> What is required: Would you print the records below word for word, without the pictures?

· · ·

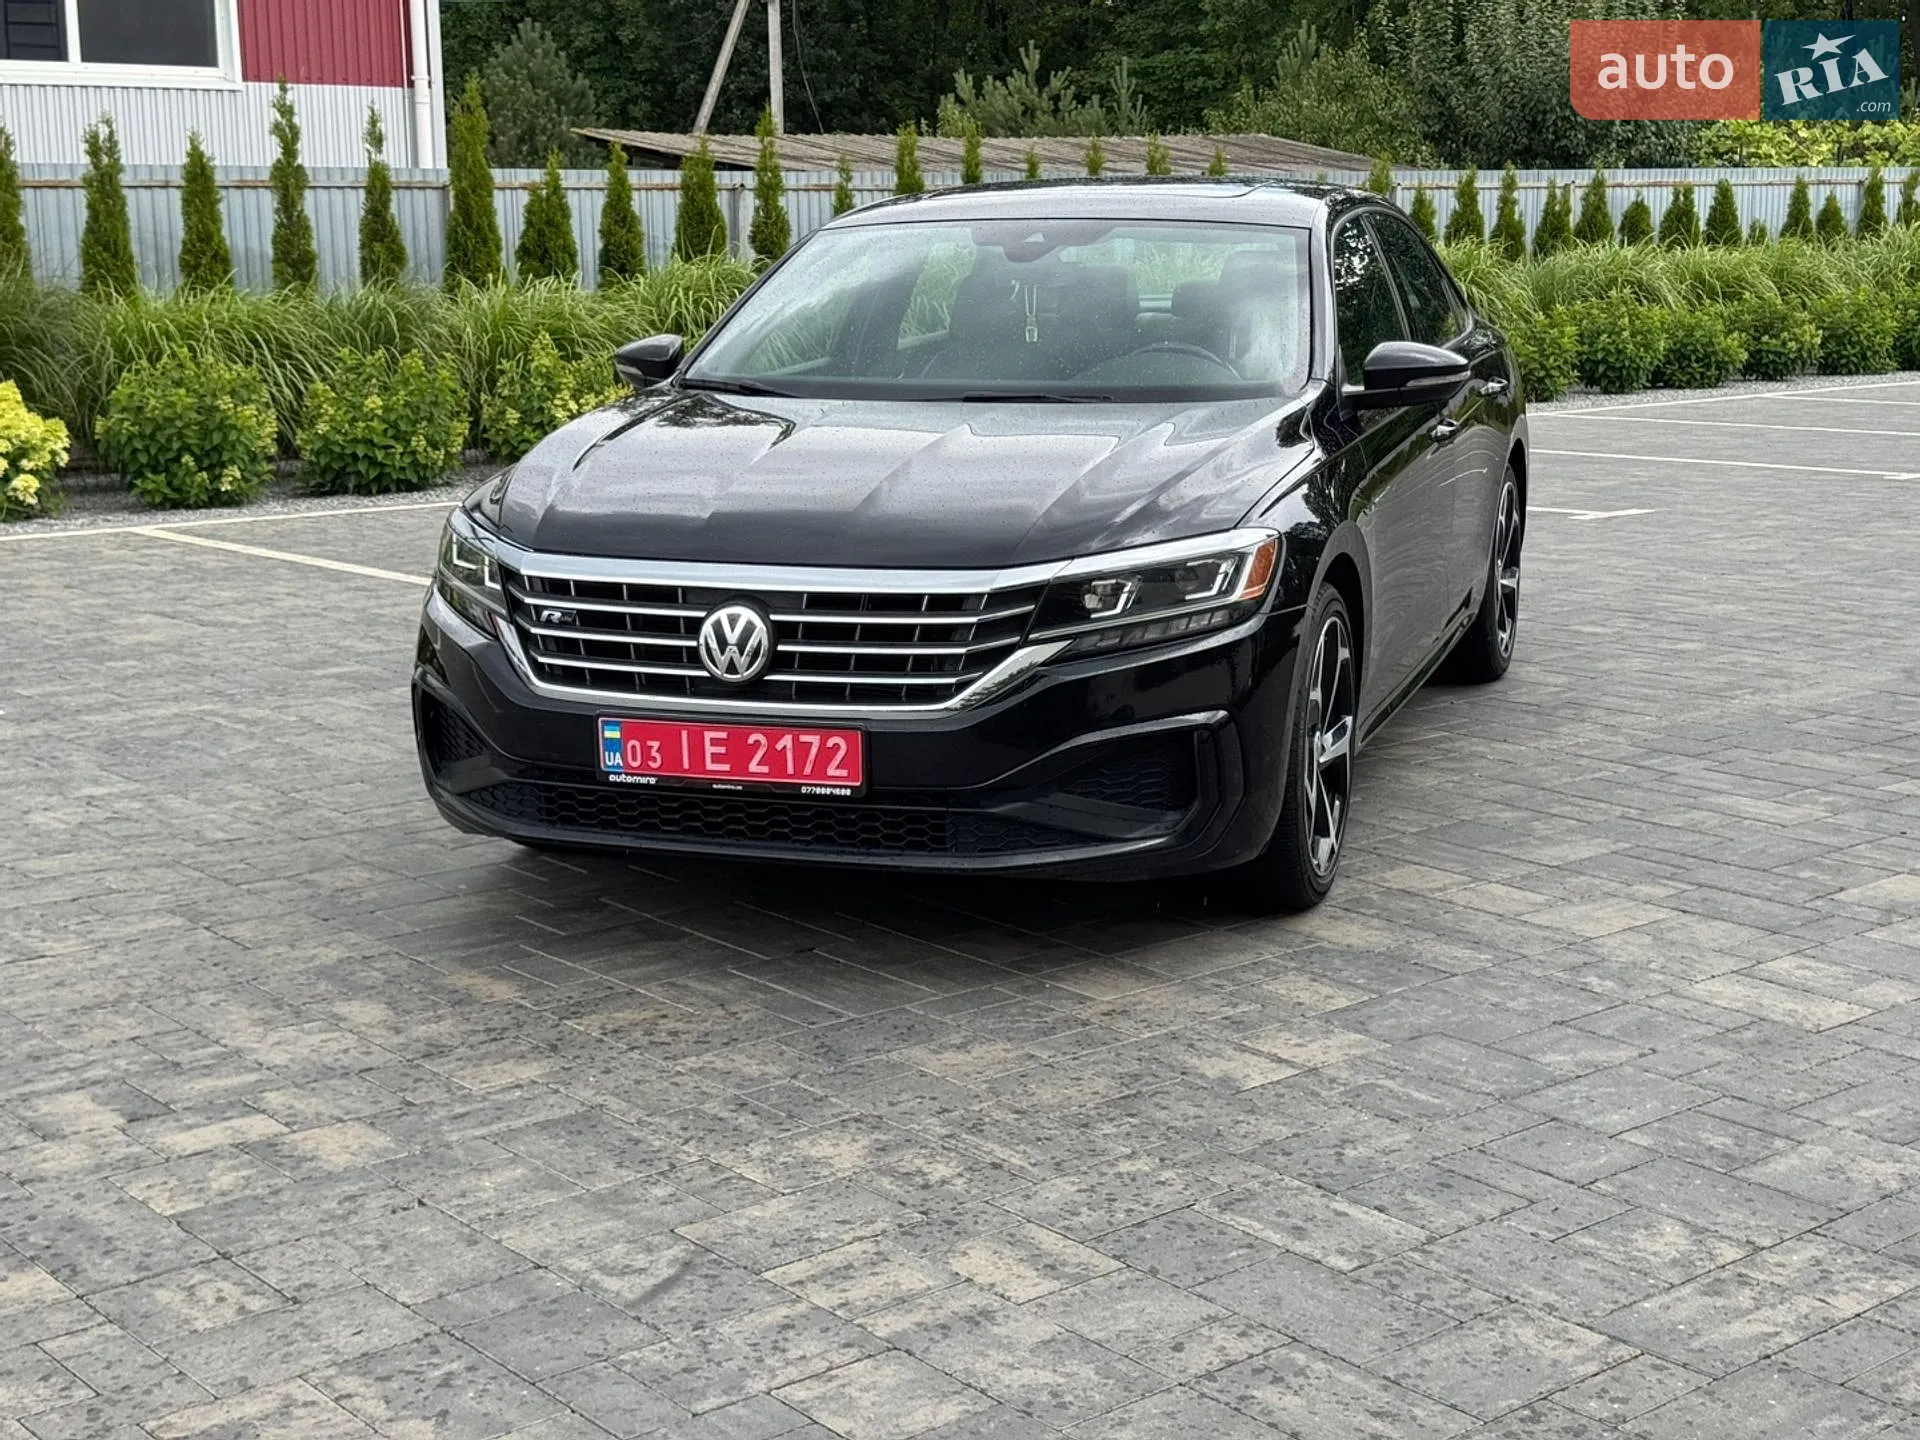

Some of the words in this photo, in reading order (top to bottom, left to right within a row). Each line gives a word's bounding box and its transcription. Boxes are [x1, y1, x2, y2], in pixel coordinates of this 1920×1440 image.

[605, 751, 623, 767] UA
[627, 739, 662, 769] 03
[680, 729, 731, 771] IE
[747, 733, 849, 777] 2172
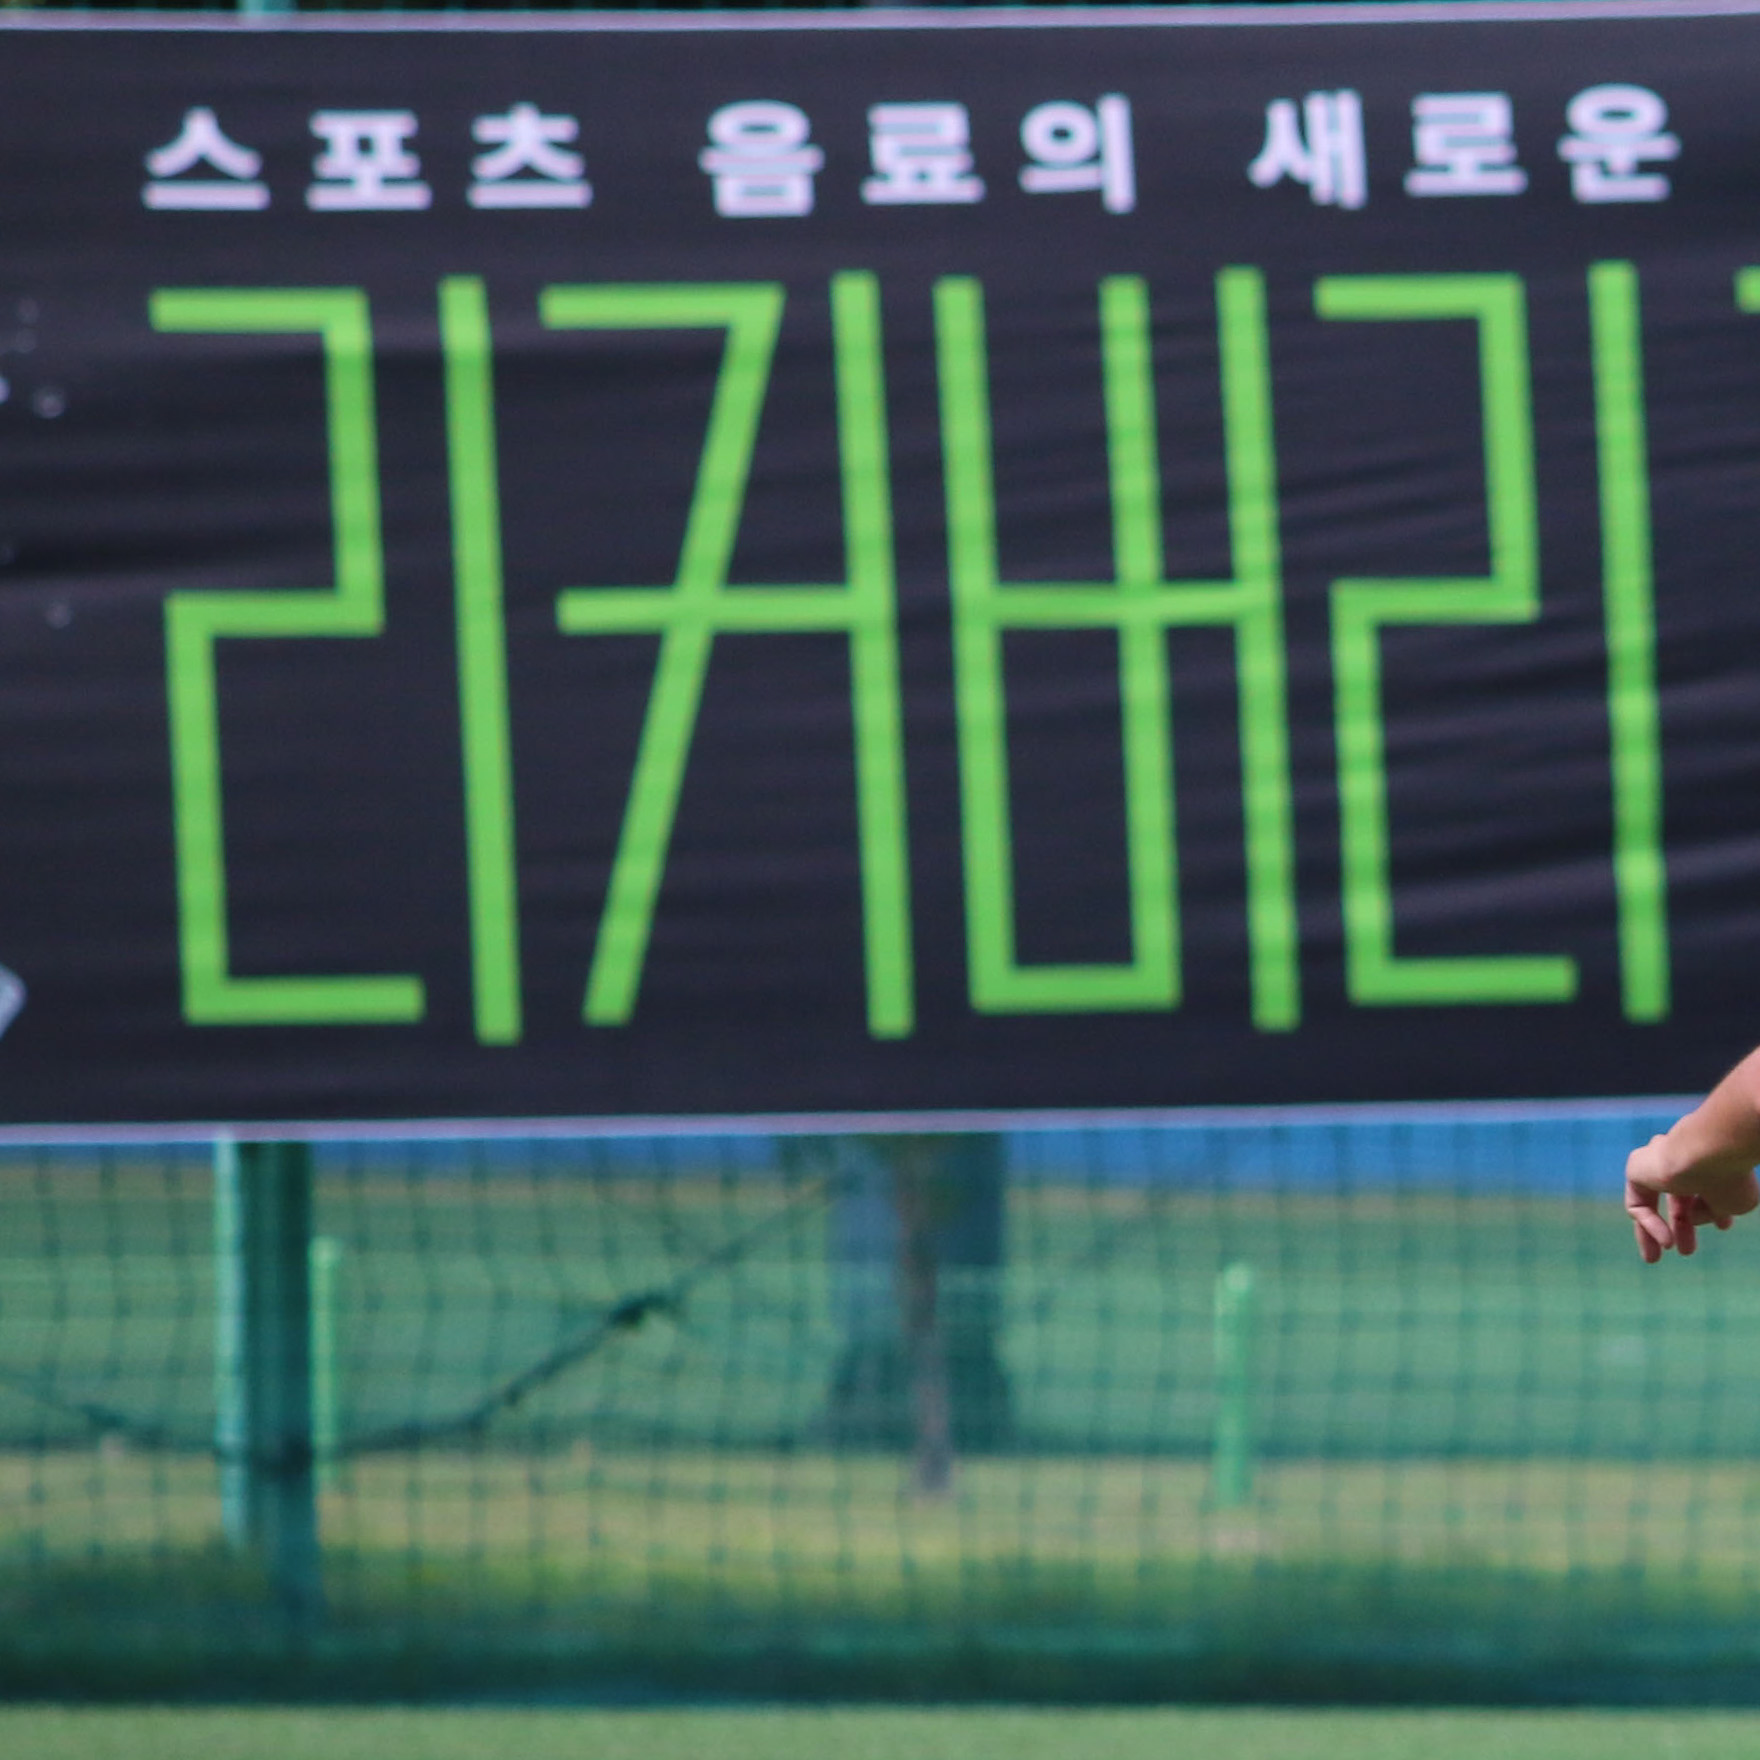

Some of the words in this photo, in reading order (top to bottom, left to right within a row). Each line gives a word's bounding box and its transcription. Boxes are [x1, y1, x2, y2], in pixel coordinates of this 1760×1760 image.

· · ·

> Result of the task:
Some of the words in this photo, in reading order (top to bottom, left to right within a row). Each line gives a word's bounding box and its transcription. Boxes are [x1, y1, x2, y2], in pixel coordinates of this 1920×1440 image.

[605, 751, 623, 767] UA
[627, 739, 662, 769] 03
[680, 729, 731, 771] IE
[747, 733, 849, 777] 2172

Some of the words in this photo, in reading order (top to bottom, left to right within a row). Each line gives a word's bounding box and its transcription. Boxes are [x1, y1, x2, y2], in pixel coordinates of this 1760×1760 image.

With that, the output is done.